Instructions to follow: Transcribe precisely, and only, the lines beginning at the line containing "Some of the words" and ending at the final line of the material below.
---- The data
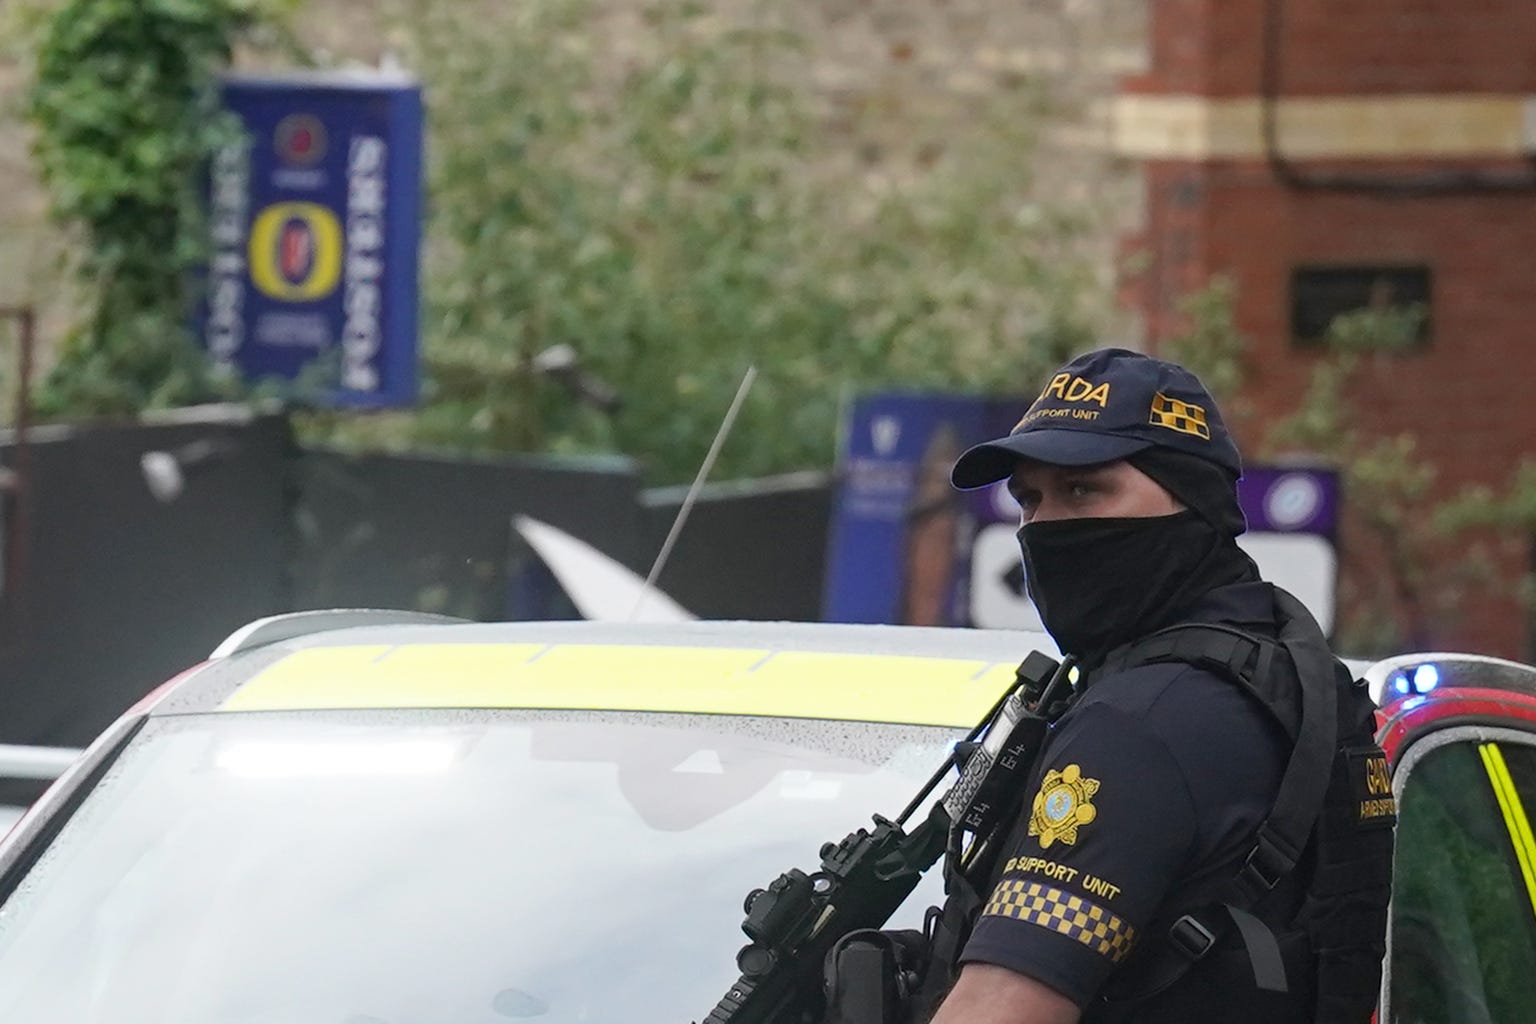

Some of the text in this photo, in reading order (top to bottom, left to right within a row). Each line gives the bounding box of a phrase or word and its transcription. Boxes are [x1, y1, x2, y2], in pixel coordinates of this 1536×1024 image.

[1072, 409, 1101, 421] UNIT
[1016, 856, 1079, 883] SUPPORT
[1082, 874, 1121, 900] UNIT
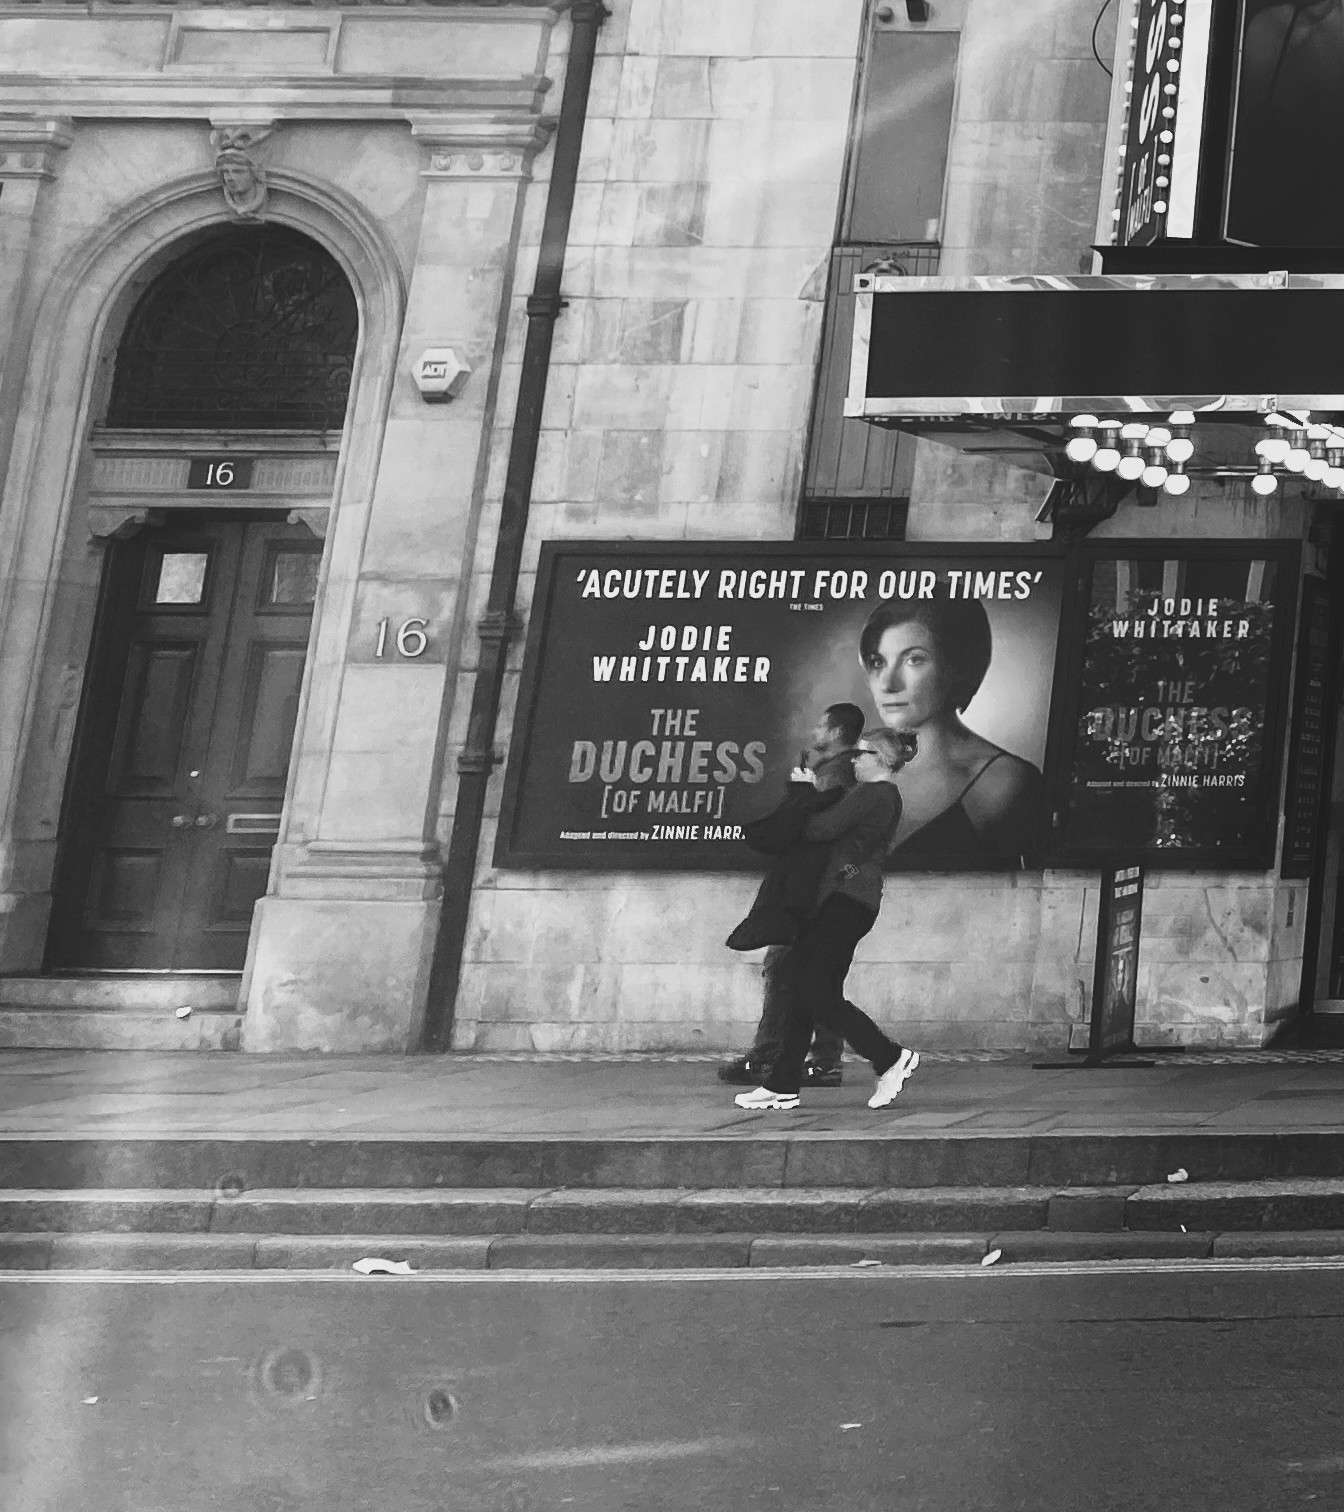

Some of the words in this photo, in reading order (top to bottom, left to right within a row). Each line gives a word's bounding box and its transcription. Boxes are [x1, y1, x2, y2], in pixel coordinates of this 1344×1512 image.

[422, 361, 447, 378] ADT
[205, 461, 235, 486] 16
[576, 569, 710, 599] 'ACUTELY
[717, 569, 805, 599] RIGHT
[813, 570, 869, 599] FOR
[878, 570, 935, 599] OUR
[946, 570, 1043, 600] TIMES'
[1148, 598, 1219, 617] JODIE
[374, 617, 429, 658] 16
[638, 625, 733, 651] JODIE
[1113, 620, 1250, 639] WHITTAKER
[592, 655, 771, 683] WHITTAKER
[1157, 680, 1196, 704] THE
[649, 708, 698, 736] THE
[1092, 707, 1252, 742] DUCHESS
[568, 740, 767, 784] DUCHESS
[1160, 774, 1200, 788] ZINNIE
[1203, 774, 1245, 787] HARRIS
[651, 825, 699, 841] ZINNIE
[704, 826, 746, 841] HARR
--------
Solution:
Some of the words in this photo, in reading order (top to bottom, left to right within a row). Each line gives a word's bounding box and its transcription. Boxes are [x1, y1, x2, y2], in pixel coordinates of this 1344×1512 image.

[422, 361, 447, 378] ADT
[205, 461, 235, 486] 16
[576, 569, 710, 599] 'ACUTELY
[717, 569, 805, 599] RIGHT
[813, 570, 869, 599] FOR
[878, 570, 935, 599] OUR
[946, 570, 1043, 600] TIMES'
[1148, 598, 1219, 617] JODIE
[374, 617, 429, 658] 16
[638, 625, 733, 651] JODIE
[1113, 620, 1250, 639] WHITTAKER
[592, 655, 771, 683] WHITTAKER
[1157, 680, 1196, 704] THE
[649, 708, 698, 736] THE
[1092, 707, 1252, 742] DUCHESS
[568, 740, 767, 784] DUCHESS
[1160, 774, 1200, 788] ZINNIE
[1203, 774, 1245, 787] HARRIS
[651, 825, 699, 841] ZINNIE
[704, 826, 746, 841] HARR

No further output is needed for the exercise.